Okay, got all that running.

UniVBE seems to take care of whatever FASTVID does, so FASTVID becomes redundant, or so it seems. UniRefresh worked where expected, very nice.

Now... I did a round of totally unscientific testing and found that... Well, my main rig emulates a machine in DOSBox faster than a real P3 and video cards I have here. And that's a bummer.

From those four, the SiS card clobbers the rest in both Doom timedemo and Blood framerate, considering it's the only card on the list on AGP and the only chip with heatsink, I think the comparison is perhaps not fair. 3D Rage card is a distant second and only a hair quicker than the S3 Trio64V+. Rendition card is very very distant last. Just for giggles I fished out a 1988 WDC Paradise 256KB VGA ISA card, and ran the Doom timedemo on it. Pretty even with the Rendition card. Timedemo on Rendition and Paradise were slower than realtime. Again, totally unscientific.

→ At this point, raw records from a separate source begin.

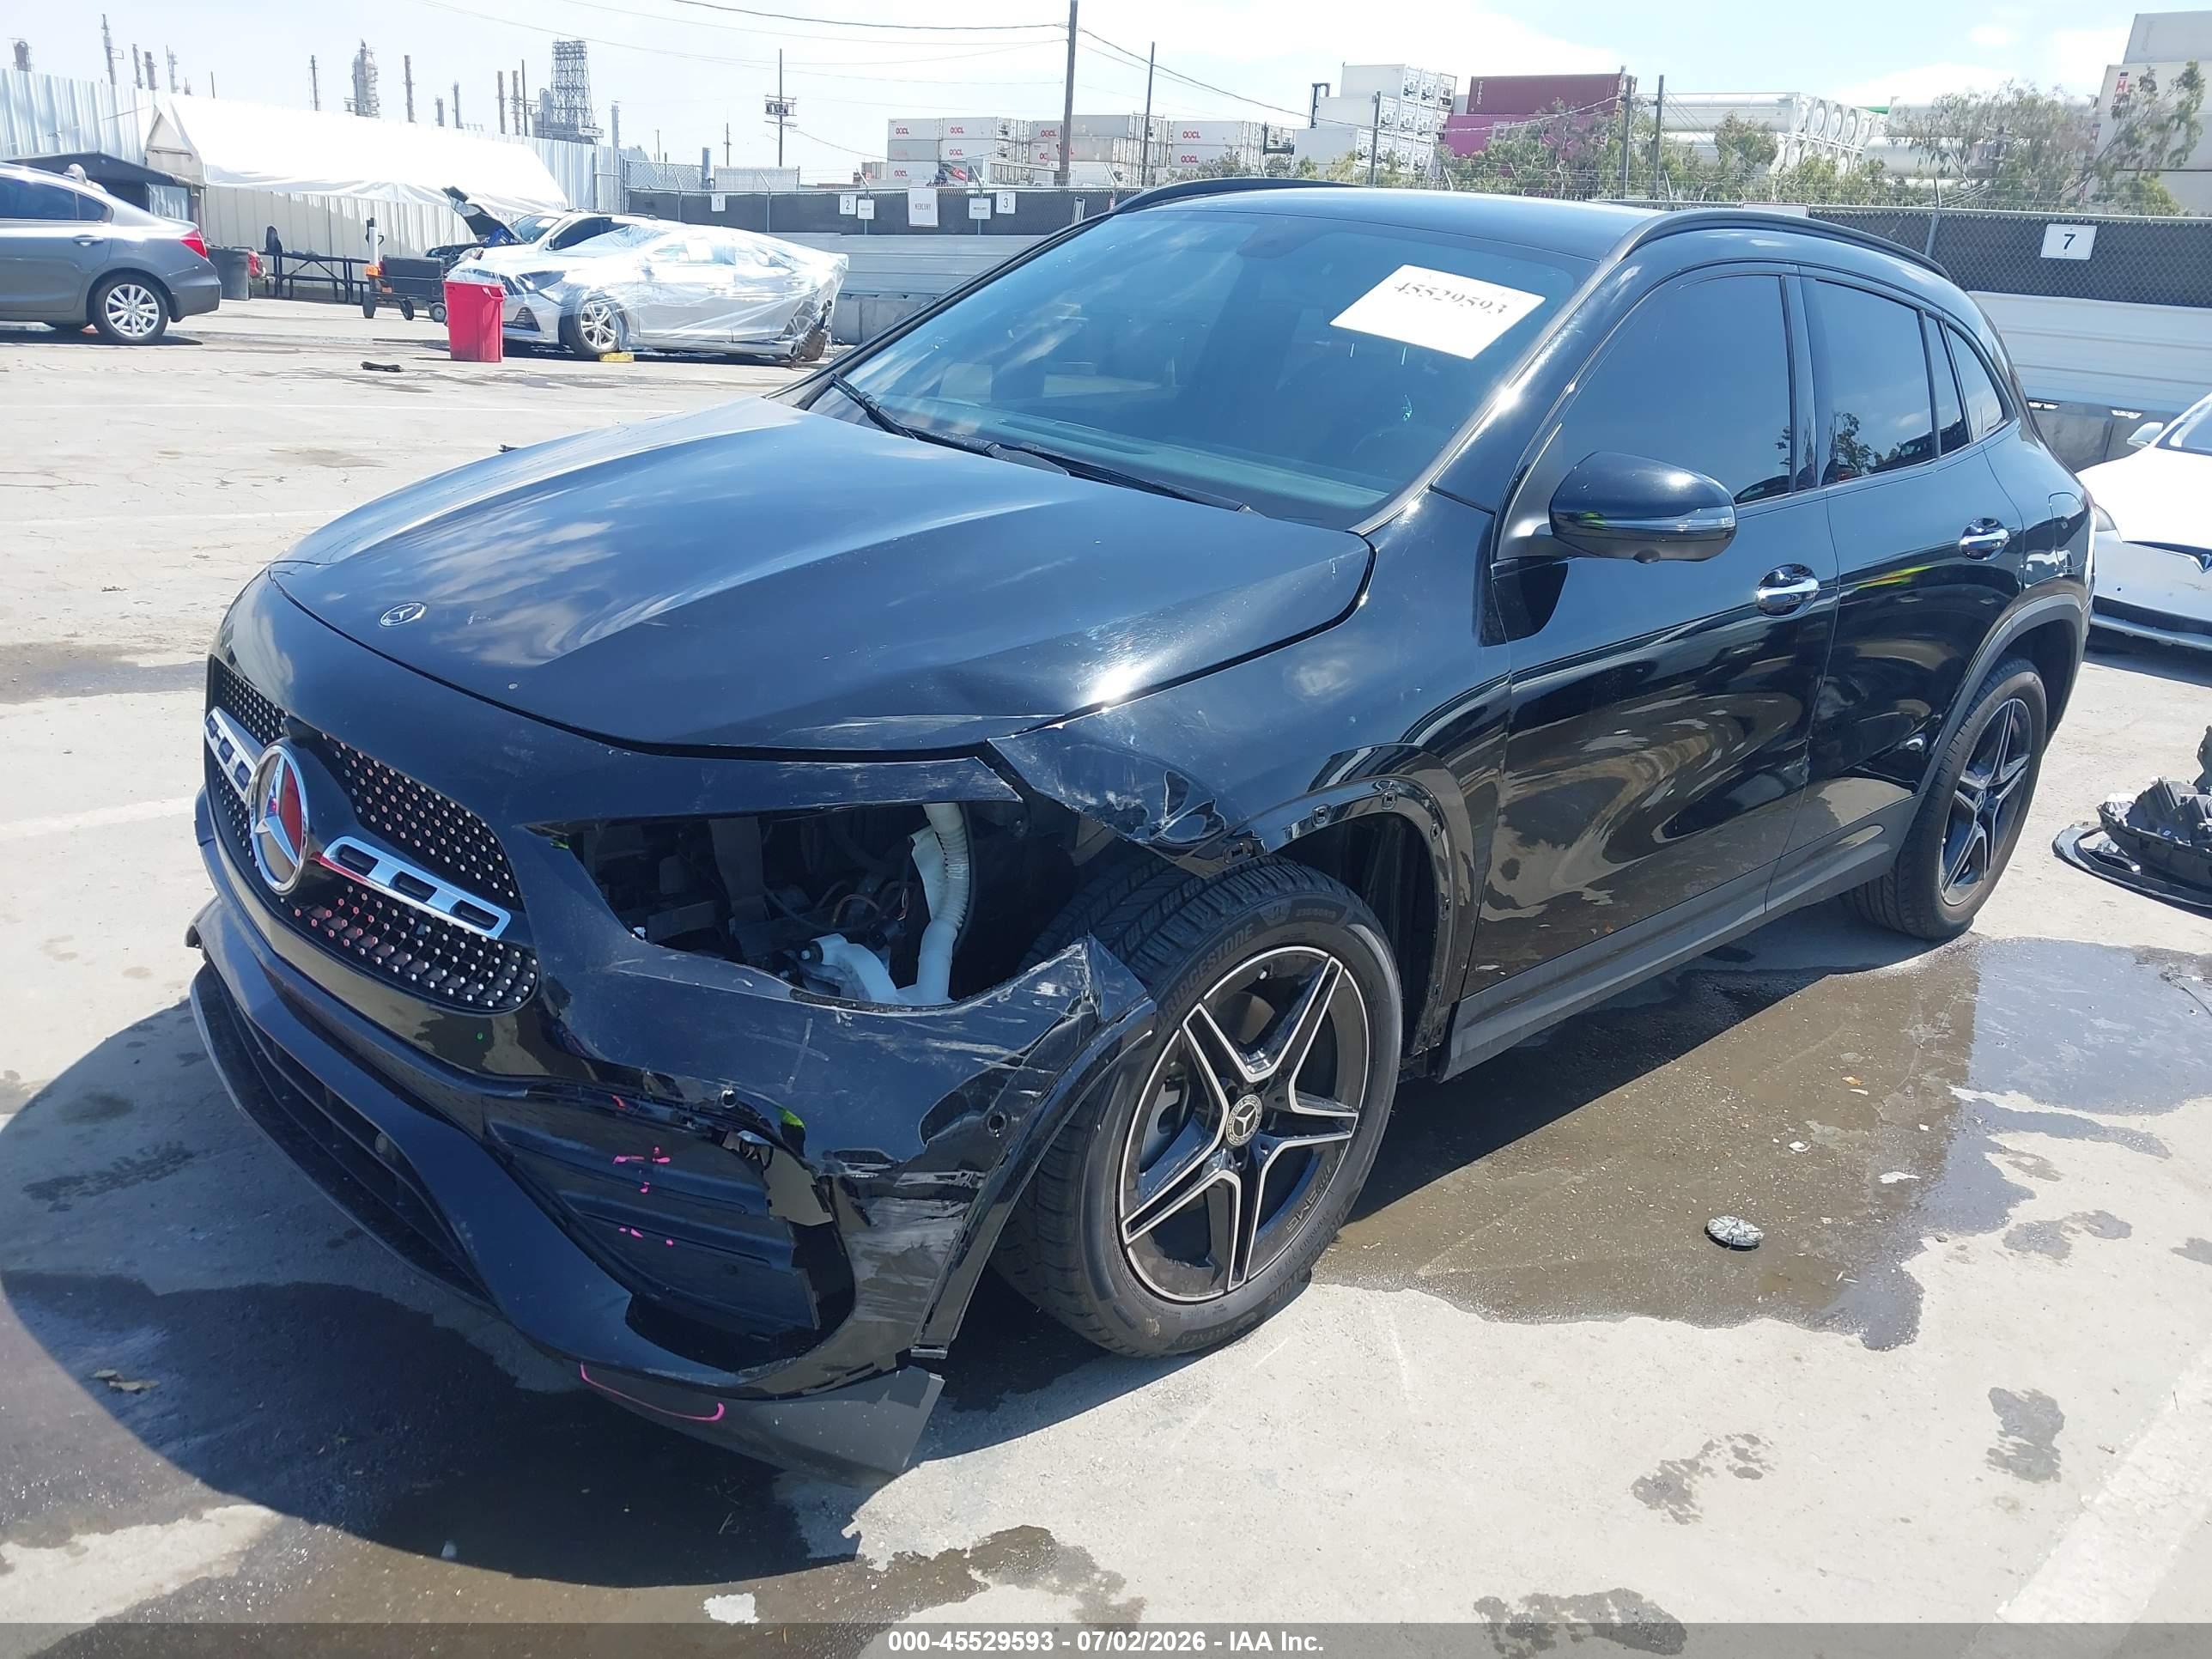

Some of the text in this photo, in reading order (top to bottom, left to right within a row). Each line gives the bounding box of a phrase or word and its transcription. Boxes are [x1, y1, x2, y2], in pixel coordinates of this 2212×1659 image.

[1181, 155, 1199, 163] OOCL
[846, 200, 850, 210] 2
[1003, 198, 1009, 208] 3
[2063, 233, 2076, 250] 7
[1394, 282, 1508, 314] 45529593

In another totally unscientific test I raised PCI clock and found that S3 Trio64V+ benefits from PCI clock increase much more than ATI 3D Rage, overtaking it by a healthy margin.

DOSBox on my main rig clobbers them all by wide margin. Not good, because I'm not exactly happy with how Blood runs.(a light pun right there)

Some observations:
UniVBE 6.7 I used while increases framerate, also causes severe flickering of weapon and HUD in Blood on S3 Trio64V+. 3D Rage suffers from a different artifact - horizontal stripes on sprites. No artifacts on the SiS card caused by UniVBE. The artifacts I mentioned in first post on the SiS card seems to be caused by AGP timings, I lowered AGP clock to about 55MHz and the few flickering pixels in Doom went away.(only in Doom, and not Blood)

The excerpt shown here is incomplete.